Mit einem Punkt in Niedernhausen zufrieden?!

Letztlich muss man mit dem Einen Punkt zufrieden sein. Hatte man doch 6 Minuten vor Schluss am Sonntag Morgen noch mit 3:1 zurück gelegen.

Doch von Beginn an: Nach dem Pokalhalbfinale in Wehen war demTrainerteam klar, dass es schwer würde gegen den Tabellenvorletzten aus Niedernhausen die nötige Spannung aufzubauen. Schon beim Aufwärmen bekam man den Eindruck, dass nicht jeder wach war und so entwickelte sich das Spiel auch. Bereits nach 2 Minuten konnte Luca einen Torwartabpraller zum 1:0 verwandeln. Wer aber glaubte, dass uns das Sicherheit in unser Spiel bringt, sah sich getäuscht. Wenig Bewegung ohne Ball, immer wieder mit Ball am Fuß und dem Kopf durch die Wand spielte man an diesem Sonntag-Morgen unterirdisch Fußball.

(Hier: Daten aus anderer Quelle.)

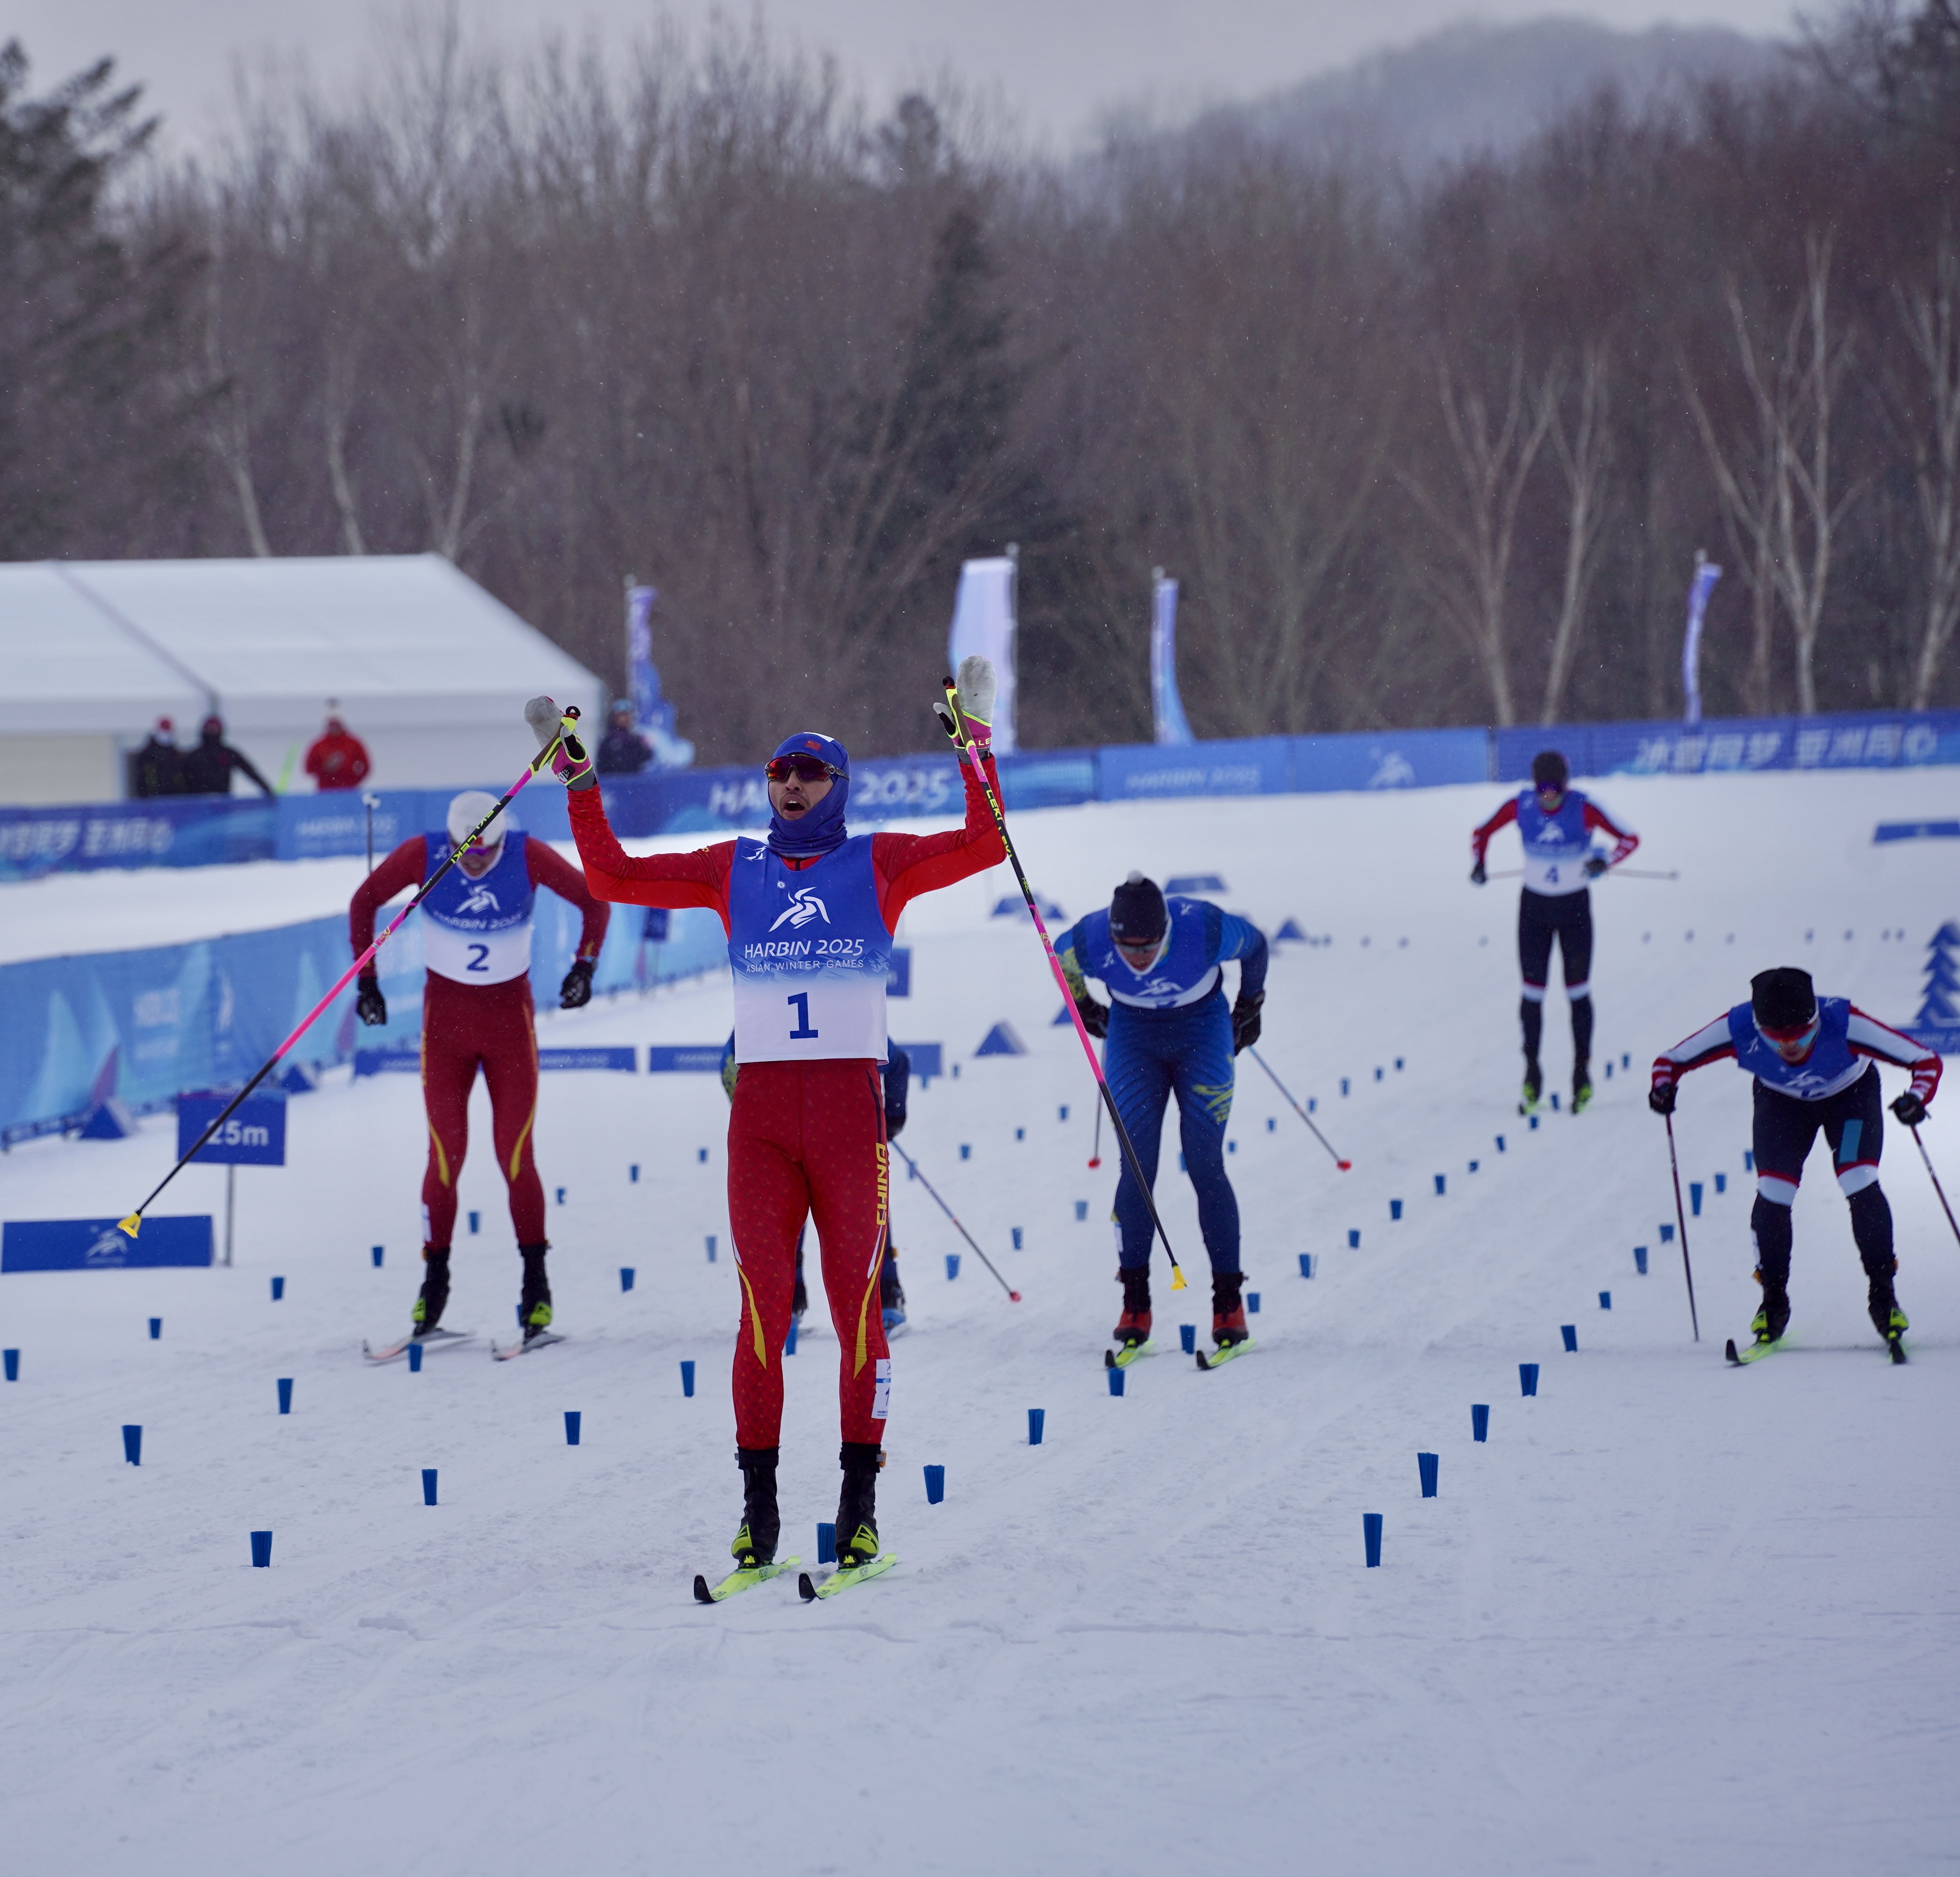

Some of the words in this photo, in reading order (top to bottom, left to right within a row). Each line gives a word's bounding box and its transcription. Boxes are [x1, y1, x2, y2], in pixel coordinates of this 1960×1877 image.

[978, 737, 992, 746] LE
[853, 768, 953, 809] 2025
[986, 790, 1003, 821] LEKI
[451, 834, 477, 864] LEKI
[1544, 865, 1559, 884] 4
[466, 943, 490, 972] 2
[745, 940, 811, 959] HARBIN
[816, 939, 865, 956] 2025
[746, 963, 771, 973] ASIAN
[775, 960, 820, 970] WINTER
[826, 960, 864, 969] GAMES
[787, 992, 819, 1040] 1
[206, 1118, 269, 1147] 25m
[875, 1142, 887, 1226] CHINA

Und so konnte Niedernhausen mit dem ersten Schuss aufs Tor auch prompt zum 1:1 ausgleichen. Dass dann mit einem Fernschuss auch noch das 2:1 gelang war symptomatisch (2 Schüsse 2 Tore). Es sind gerade die vermeintlichen Leistungsträger, die derzeit weit unter ihren Möglichkeiten spielen und so machen sie es sich und der ganzen Mannschaft schwer.

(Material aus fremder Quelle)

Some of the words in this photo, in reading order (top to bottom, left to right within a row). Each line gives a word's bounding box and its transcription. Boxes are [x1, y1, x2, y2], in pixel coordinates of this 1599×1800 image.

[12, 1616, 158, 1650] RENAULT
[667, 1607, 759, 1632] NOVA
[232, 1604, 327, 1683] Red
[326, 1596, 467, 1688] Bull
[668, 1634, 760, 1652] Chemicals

In der Halbzeitpause gab es dann eine laute und deutliche Anprache und zumindest der Wille etwas zu verändern war in der zweiten Hälfte erkennbar, wobei die Führung nun dem Gegner in die Karten spielte, der vom Trainerteam und den Zuschauern angefeuert, gut verteidigte und dann aus einem Konter gar das 3:1 erzielen konnte.

Als man nun dachte das Spiel sei gelaufen, wurde die Mannschaft plötzlich wach und Kristof gelang das 2:3. In den letzten 5 Minuten warf man alles nach vorn und hatte bei dem einen oder anderen Konter viel Glück und konnte tatsächlich nach einem schönen Freistoß von Tom wiederum durch Luca das 3:3 erzielen.

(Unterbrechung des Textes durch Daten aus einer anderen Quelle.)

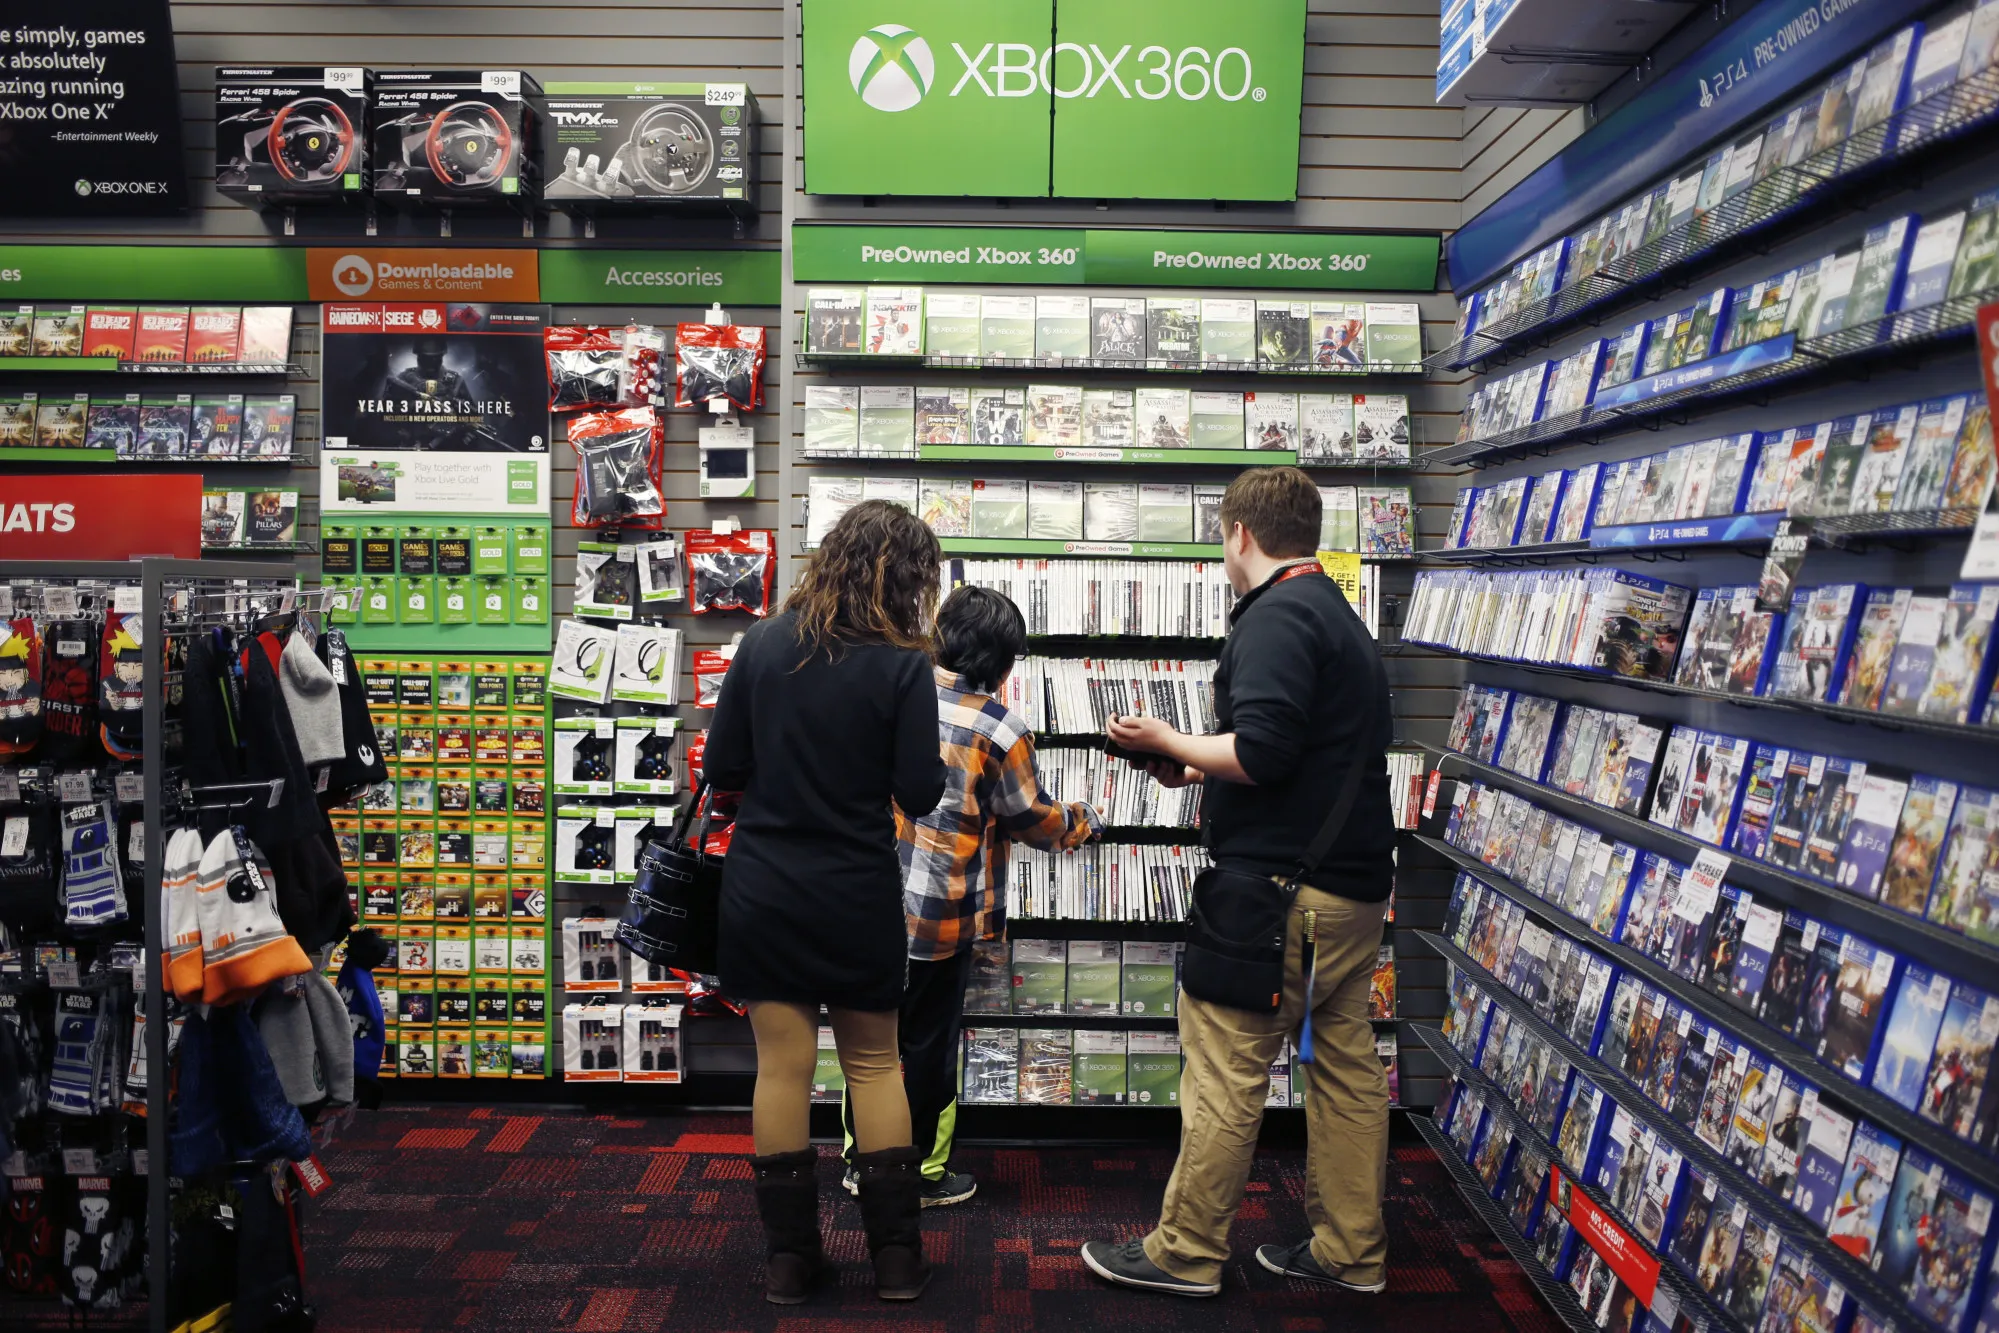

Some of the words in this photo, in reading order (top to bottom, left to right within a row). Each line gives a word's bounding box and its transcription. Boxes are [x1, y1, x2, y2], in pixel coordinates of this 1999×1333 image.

[16, 26, 80, 48] simply,
[84, 30, 146, 48] games
[1755, 1, 1820, 69] PRE-OWNED
[10, 51, 107, 74] absolutely
[1713, 58, 1749, 97] PS4
[51, 77, 125, 99] running
[221, 88, 250, 96] Ferrari
[252, 88, 271, 96] 458
[273, 88, 300, 97] Spider
[410, 92, 428, 100] 458
[0, 102, 48, 120] Xbox
[51, 102, 91, 120] One
[549, 112, 604, 125] TMX
[124, 132, 159, 144] Weekly
[94, 182, 129, 194] XBOX
[130, 182, 157, 194] ONE
[158, 182, 169, 194] X
[861, 245, 971, 266] PreOwned
[976, 246, 1033, 266] Xbox
[1153, 250, 1263, 271] PreOwned
[1267, 252, 1324, 272] Xbox
[378, 262, 514, 280] Downloadable
[605, 266, 724, 287] Accessories
[378, 279, 421, 291] Games
[423, 279, 433, 290] &
[435, 279, 484, 291] Content
[385, 311, 415, 326] SIEGE
[358, 400, 394, 413] YEAR
[401, 400, 409, 413] 3
[415, 400, 451, 413] PASS
[458, 401, 472, 413] IS
[477, 401, 511, 414] HERE
[414, 462, 432, 473] Play
[434, 462, 470, 473] together
[472, 462, 492, 472] with
[414, 475, 436, 484] Xbox
[438, 475, 455, 484] Live
[457, 475, 479, 484] Gold
[0, 502, 75, 533] ATS
[256, 520, 283, 529] PILLARS
[1772, 535, 1808, 551] POINTS
[1629, 577, 1650, 589] PS4
[1863, 837, 1886, 852] PS4
[1748, 958, 1765, 973] PS4
[298, 1158, 327, 1193] MARVEL
[1815, 1168, 1836, 1187] PS4
[12, 1177, 43, 1191] MARVEL
[78, 1177, 110, 1191] MARVEL
[1603, 1222, 1626, 1251] CREDIT

Wenn man etwas positiv festhalten wollte, dann war es die Tatsache, dass die Mannschaft plötzlich doch gelebt hat und mit viel Willen den glücklichen Punktgewinn erzwungen hat. Alle Spieler sollten sich an die eigene Nase packen und endlich wider zur Normalform  zurückfinden um auch mal ein Spiel selbst fußballerisch gestalten zu können. Da reicht Alt-Herren-Tempo nicht, da muss man auch mal Gas geben!!!